= Sechin Alto =

Archaeological site in Peru

Sechin Alto is a massive architectural complex in Peru belonging to the Early Formative period (2000-1500 BC). It is located in the Casma Province, the Ancash Region, on the left bank of the Sechín River, east of the town of the same name. Other important archaeological sites such as Cerro Sechin and Sechin Bajo are located nearby.

==Studies==
Archaeologist Julio C. Tello was the first to make a thorough description of this archaeological site during his visit to the valley of Casma in 1937. He determined that this was the largest architectural structure not only in Peru, but in all of the Americas. The site was later studied by archaeologists Rosa Fung Pineda and Carlos Williams (1979), and by Thomas and Shelia Pozorski (1987).

==Description==
The main structure, called "Templo", has a pyramidal shape. It measures 350m by 300m, and reaches the height of 35m. It consists of raised embankments and walls with large stones alternating with smaller ones; conical adobe bricks are seen in the interior. In front of the "Templo" extend five courts or plazas, some with sunken circular courts; this indicates the ceremonial character of the whole complex. The complex is oriented to the northwest, and its length is about 2 km.

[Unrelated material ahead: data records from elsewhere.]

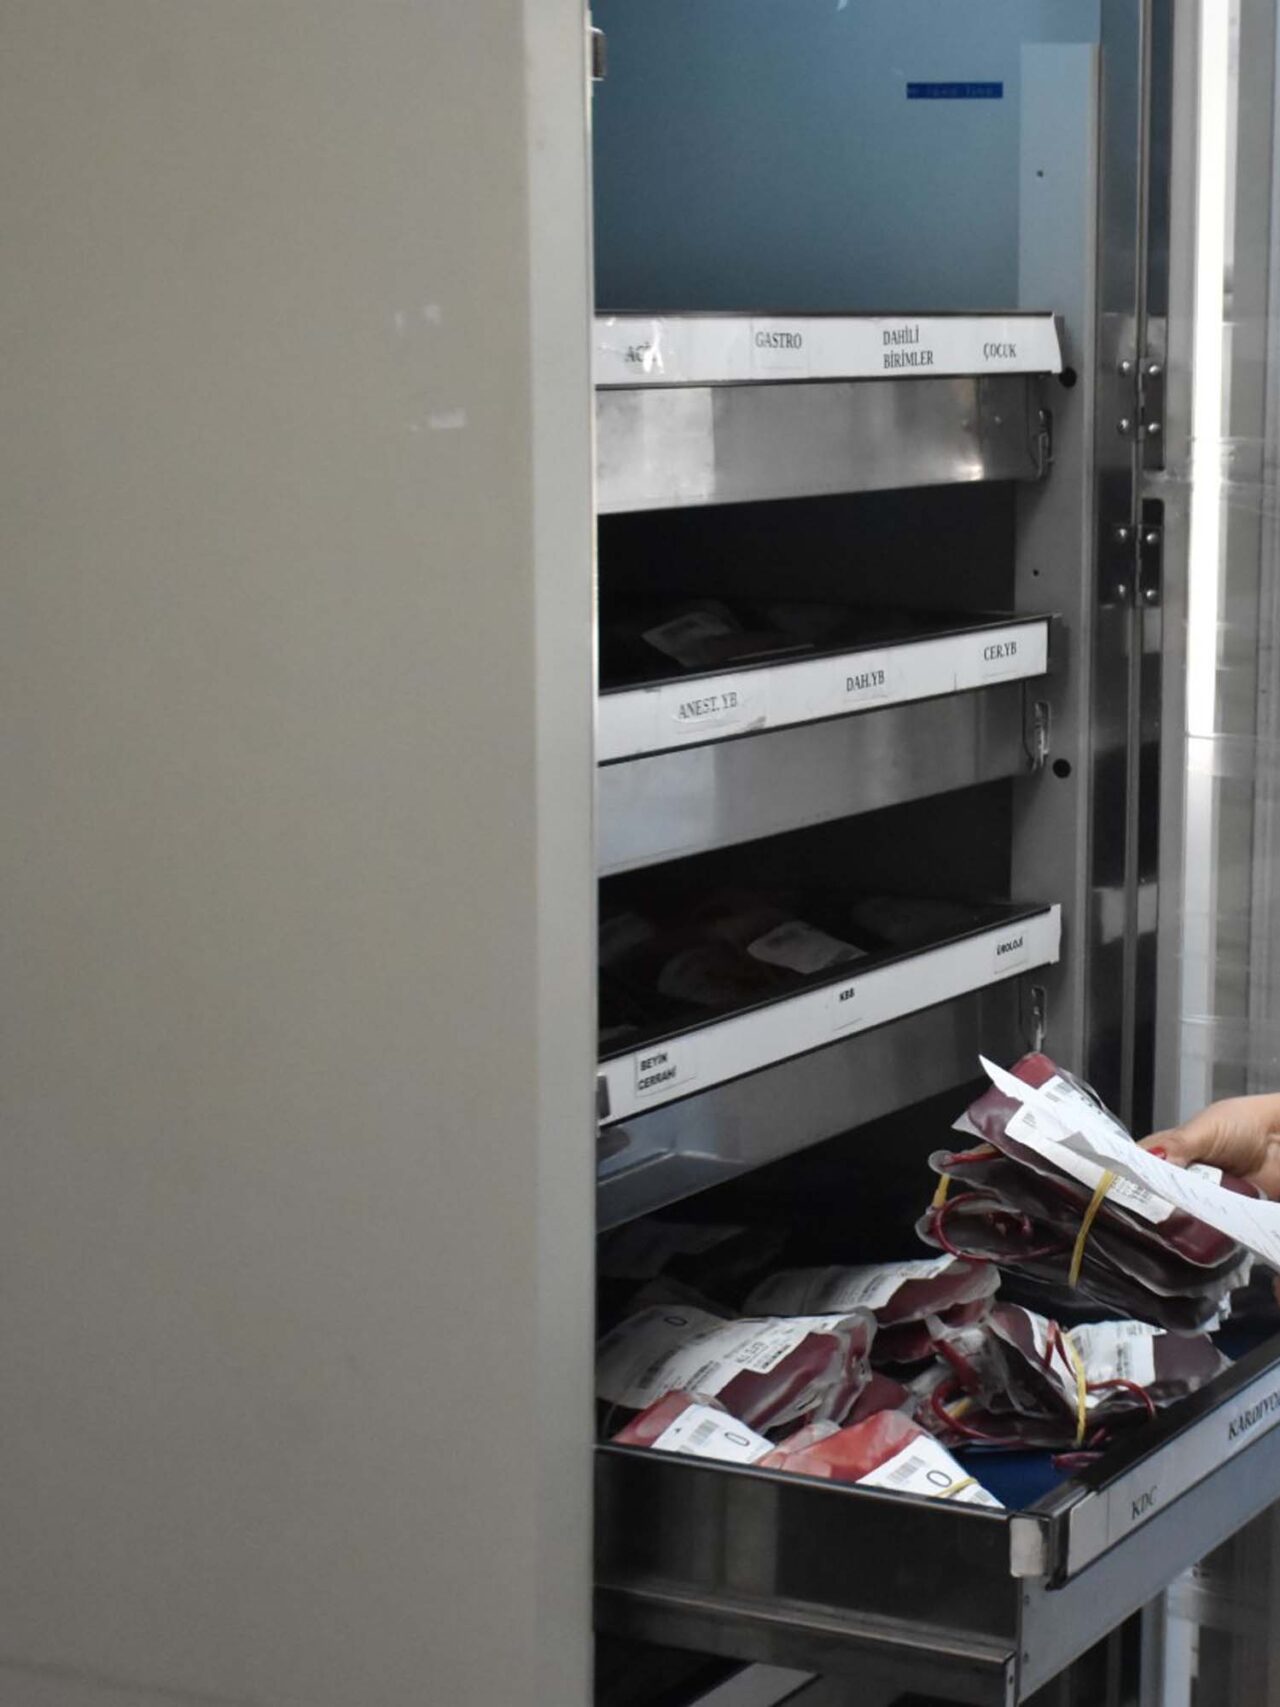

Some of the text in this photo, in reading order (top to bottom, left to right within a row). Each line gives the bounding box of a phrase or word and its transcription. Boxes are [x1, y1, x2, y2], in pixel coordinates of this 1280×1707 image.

[755, 331, 802, 349] GASTRO
[883, 325, 919, 345] DAHİLİ
[883, 349, 933, 369] BİRİMLER
[983, 342, 1016, 361] ÇOCUK
[721, 691, 737, 709] YB

Around this complex, numerous smaller structures – all oriented along the main axes – are distributed. Currently, these areas are used for agriculture, so they have not yet been studied. The whole of Sechin Alto complex covers the area of 300-400 hectares, or five times the size of Caral, one of the largest Archaic sites in Peru.

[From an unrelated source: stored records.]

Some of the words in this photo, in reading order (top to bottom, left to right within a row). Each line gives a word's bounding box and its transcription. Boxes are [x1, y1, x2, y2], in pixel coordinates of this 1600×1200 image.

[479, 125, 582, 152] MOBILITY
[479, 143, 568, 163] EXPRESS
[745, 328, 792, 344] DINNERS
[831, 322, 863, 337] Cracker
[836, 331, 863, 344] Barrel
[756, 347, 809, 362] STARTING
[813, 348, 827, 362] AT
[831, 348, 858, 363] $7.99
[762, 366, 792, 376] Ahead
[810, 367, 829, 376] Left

Because of its size, this may have been the administrative center of the whole Sechin cultural area.

==Related sites==
This area represents the confluence of Sechin and Casma rivers, and there are several other important sites here. In front of Sechin Alto, on the other side of Sechin River, is the complex of Sechin Bajo with its ancient occupation going back to 3,500 BC.

The more famous nearby site is called Cerro Sechin, located southwest along the same bank of Sechin River. It is known for its high stone walls with reliefs depicting "warrior-priests" with their mutilated enemies; this architectural complex dates back to 1,500-2,000 BC. The stone reliefs belong to the latest construction phase.

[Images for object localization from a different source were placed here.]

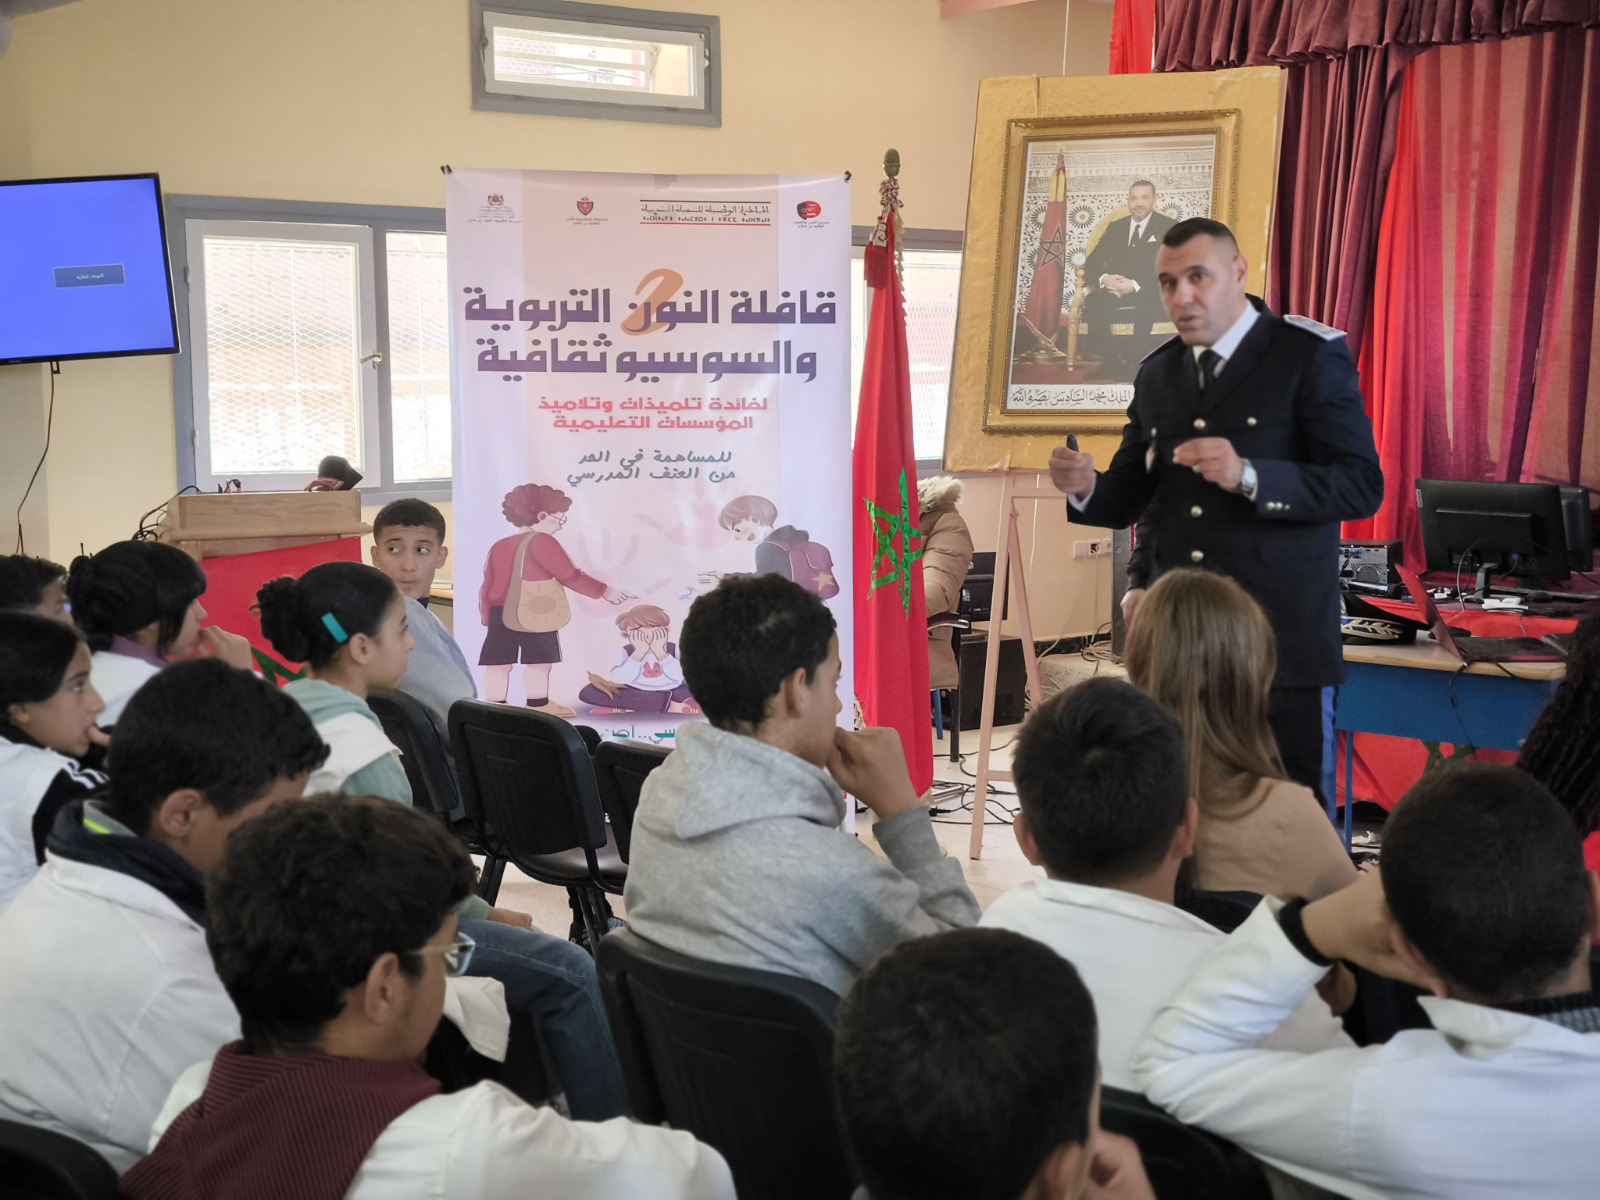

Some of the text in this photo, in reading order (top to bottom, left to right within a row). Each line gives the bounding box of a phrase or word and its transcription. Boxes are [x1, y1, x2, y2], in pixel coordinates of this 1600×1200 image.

[464, 287, 837, 332] قافلة النون التربوية
[538, 396, 768, 414] لفائدة تلميذات وتلاميذ
[553, 415, 754, 433] المؤسسات التعليمية
[619, 448, 644, 469] في
[652, 450, 732, 463] للمساهمة
[566, 466, 736, 488] من العنف المدرسي

Sechin Alto is the largest of the four main sites in this area.
According to S. Pozorski, the other three big sites, Taukachi-Konkan, Sechin Bajo, and Cerro Sechin, feature numerous similarities, and may have been constructed at the same time,

"Critical to the definition of the Sechin Alto Complex were the consistent orientation and similarity in mound form and site layout of Sechin Alto site, Taukachi-Konkan, and Sechin Bajo. Cerro Sechin was included based on its physical proximity to the other sites and its conical adobe constructions which suggested contemporaneity with the other sites. The component sites of Sechin Alto, Taukachi Konkan, Sechin Bajo, and Cerro Sechin were assumed to be coexistent and in continuous interaction, forming an immense settlement that occupied much of the floodplain in the northern Sechin Branch of the Casma River during the Initial Period (2150—1000 BC)."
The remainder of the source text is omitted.